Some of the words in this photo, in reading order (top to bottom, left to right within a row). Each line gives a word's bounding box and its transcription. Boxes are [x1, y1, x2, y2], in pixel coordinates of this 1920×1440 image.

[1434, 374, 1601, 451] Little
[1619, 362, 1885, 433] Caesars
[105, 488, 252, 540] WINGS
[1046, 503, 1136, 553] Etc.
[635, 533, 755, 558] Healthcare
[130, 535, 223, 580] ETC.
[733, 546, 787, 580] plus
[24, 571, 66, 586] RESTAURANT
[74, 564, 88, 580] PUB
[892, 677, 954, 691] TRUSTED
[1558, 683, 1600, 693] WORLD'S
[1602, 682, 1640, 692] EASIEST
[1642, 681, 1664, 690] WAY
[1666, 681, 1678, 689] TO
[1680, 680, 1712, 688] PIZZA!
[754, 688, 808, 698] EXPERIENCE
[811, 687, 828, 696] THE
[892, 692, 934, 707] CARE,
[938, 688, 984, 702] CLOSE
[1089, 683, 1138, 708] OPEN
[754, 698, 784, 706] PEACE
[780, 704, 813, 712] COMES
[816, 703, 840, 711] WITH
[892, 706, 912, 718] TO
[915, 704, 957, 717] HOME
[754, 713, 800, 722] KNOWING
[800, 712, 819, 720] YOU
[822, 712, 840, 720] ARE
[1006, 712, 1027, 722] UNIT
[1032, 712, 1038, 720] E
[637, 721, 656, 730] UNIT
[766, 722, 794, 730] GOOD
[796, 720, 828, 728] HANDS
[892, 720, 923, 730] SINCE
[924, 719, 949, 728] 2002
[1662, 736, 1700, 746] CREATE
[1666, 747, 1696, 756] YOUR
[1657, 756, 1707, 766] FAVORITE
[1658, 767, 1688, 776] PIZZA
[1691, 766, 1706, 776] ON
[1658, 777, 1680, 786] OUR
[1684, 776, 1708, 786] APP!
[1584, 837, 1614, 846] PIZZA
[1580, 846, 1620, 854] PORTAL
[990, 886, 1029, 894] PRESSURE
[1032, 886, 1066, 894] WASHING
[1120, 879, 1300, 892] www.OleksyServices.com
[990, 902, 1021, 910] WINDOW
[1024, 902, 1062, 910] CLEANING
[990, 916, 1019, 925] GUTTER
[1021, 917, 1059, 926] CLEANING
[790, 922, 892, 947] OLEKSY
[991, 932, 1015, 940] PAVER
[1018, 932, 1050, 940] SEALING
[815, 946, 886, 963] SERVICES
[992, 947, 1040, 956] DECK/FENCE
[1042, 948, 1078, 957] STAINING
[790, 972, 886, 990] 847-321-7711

+--

» What to work on:
For this exercise, find all lines in the records containing the word "UNIT" and copy them.

» Final answer:
[1006, 712, 1027, 722] UNIT
[637, 721, 656, 730] UNIT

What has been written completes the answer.